** Opening INFORMATION GIVEN block **
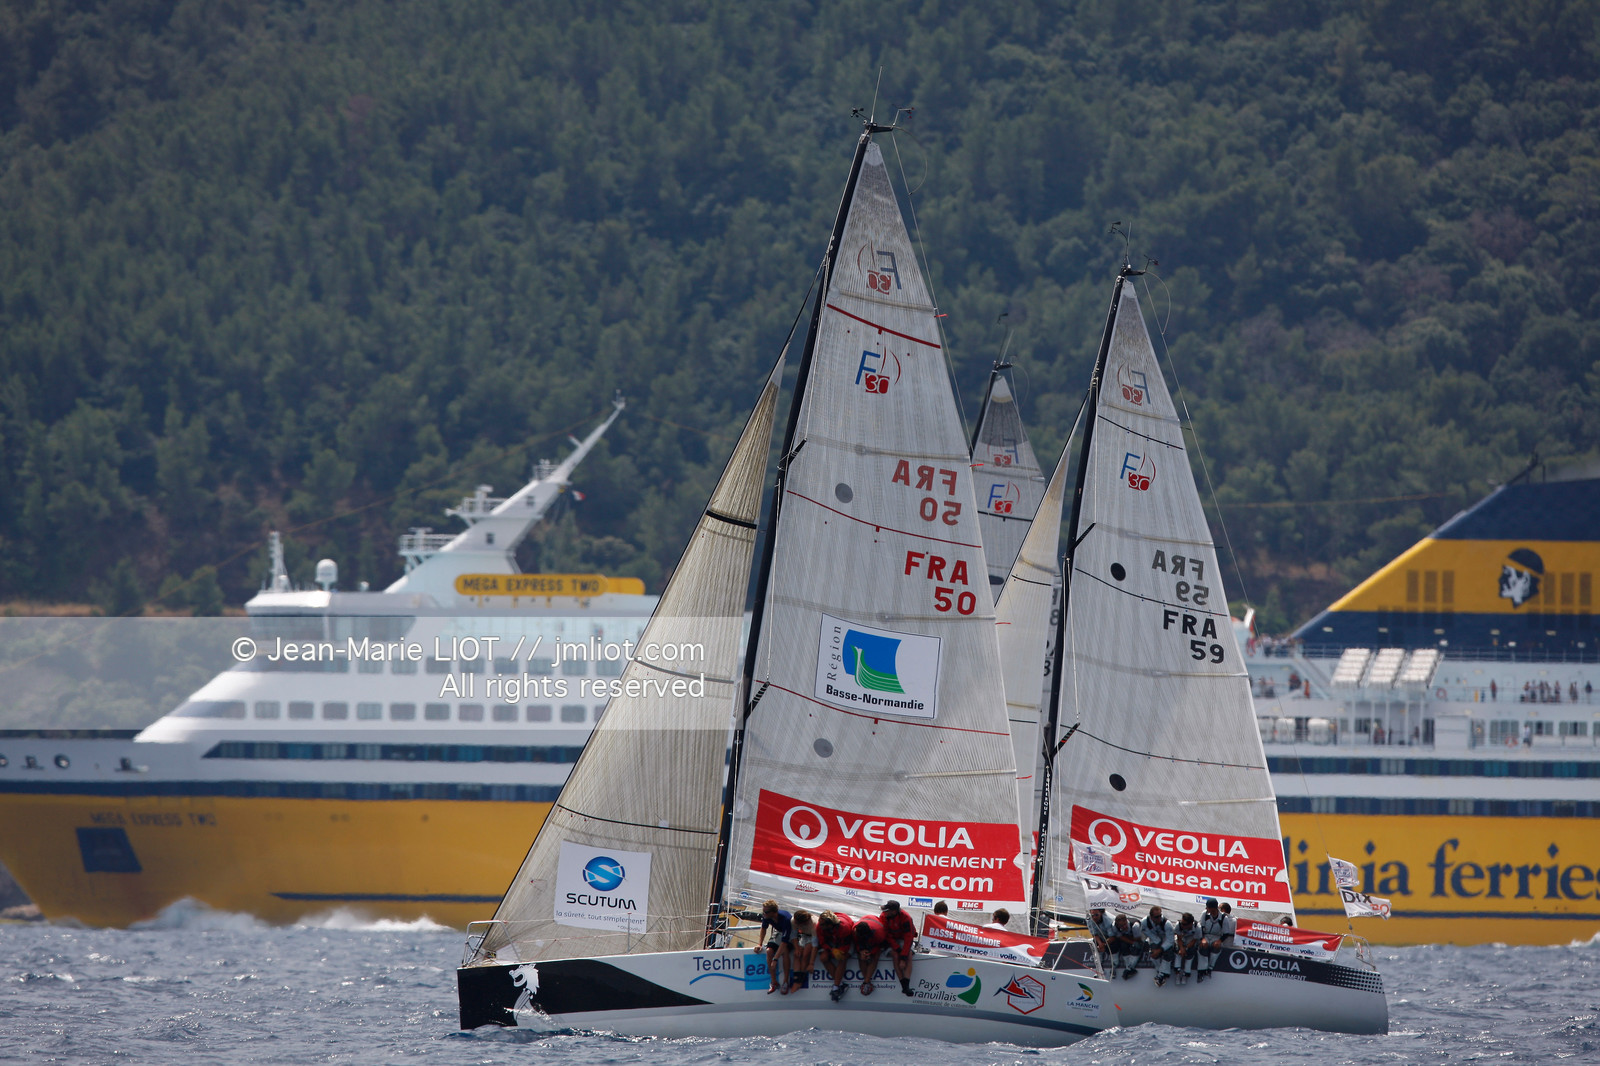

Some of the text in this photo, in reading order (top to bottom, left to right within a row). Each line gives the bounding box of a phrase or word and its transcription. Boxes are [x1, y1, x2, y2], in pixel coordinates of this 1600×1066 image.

[904, 550, 969, 586] FRA
[463, 578, 599, 592] MEGA EXPRESS TWO
[934, 586, 976, 616] 50
[1163, 609, 1217, 639] FRA
[826, 626, 841, 682] Région
[1190, 640, 1225, 664] 59
[825, 684, 924, 711] Basse-Normandie
[836, 815, 975, 850] VEOLIA
[1132, 826, 1250, 859] VEOLIA
[837, 845, 1007, 870] ENVIRONNEMENT
[1134, 852, 1277, 877] ENVIRONNEMENT
[1429, 838, 1600, 900] ferrie
[789, 855, 994, 892] canyousea.com
[1111, 862, 1268, 895] anyousea.com
[566, 893, 637, 910] SCUTUM
[929, 927, 1000, 948] BASSE NORMANDIE
[946, 920, 978, 935] MANCHE
[1247, 929, 1293, 944] DUNKERQUE
[1251, 922, 1290, 936] COURRIER
[937, 941, 954, 951] tour
[963, 945, 988, 956] france
[1000, 953, 1017, 961] voile
[1248, 940, 1262, 948] tour
[1269, 943, 1291, 952] france
[1299, 948, 1315, 956] voile
[1248, 969, 1307, 981] ENVIRONNEMENT
[1250, 956, 1301, 972] VEOLIA
[919, 979, 940, 991] Pays
[1075, 1002, 1099, 1010] MANCHE
** Closing INFORMATION GIVEN block **
_WHAT YOU ARE ASKED TO DO_
Are you able to set down all the lines above exactly, without any pictures?

_ANSWER BOX_
Some of the text in this photo, in reading order (top to bottom, left to right within a row). Each line gives the bounding box of a phrase or word and its transcription. Boxes are [x1, y1, x2, y2], in pixel coordinates of this 1600×1066 image.

[904, 550, 969, 586] FRA
[463, 578, 599, 592] MEGA EXPRESS TWO
[934, 586, 976, 616] 50
[1163, 609, 1217, 639] FRA
[826, 626, 841, 682] Région
[1190, 640, 1225, 664] 59
[825, 684, 924, 711] Basse-Normandie
[836, 815, 975, 850] VEOLIA
[1132, 826, 1250, 859] VEOLIA
[837, 845, 1007, 870] ENVIRONNEMENT
[1134, 852, 1277, 877] ENVIRONNEMENT
[1429, 838, 1600, 900] ferrie
[789, 855, 994, 892] canyousea.com
[1111, 862, 1268, 895] anyousea.com
[566, 893, 637, 910] SCUTUM
[929, 927, 1000, 948] BASSE NORMANDIE
[946, 920, 978, 935] MANCHE
[1247, 929, 1293, 944] DUNKERQUE
[1251, 922, 1290, 936] COURRIER
[937, 941, 954, 951] tour
[963, 945, 988, 956] france
[1000, 953, 1017, 961] voile
[1248, 940, 1262, 948] tour
[1269, 943, 1291, 952] france
[1299, 948, 1315, 956] voile
[1248, 969, 1307, 981] ENVIRONNEMENT
[1250, 956, 1301, 972] VEOLIA
[919, 979, 940, 991] Pays
[1075, 1002, 1099, 1010] MANCHE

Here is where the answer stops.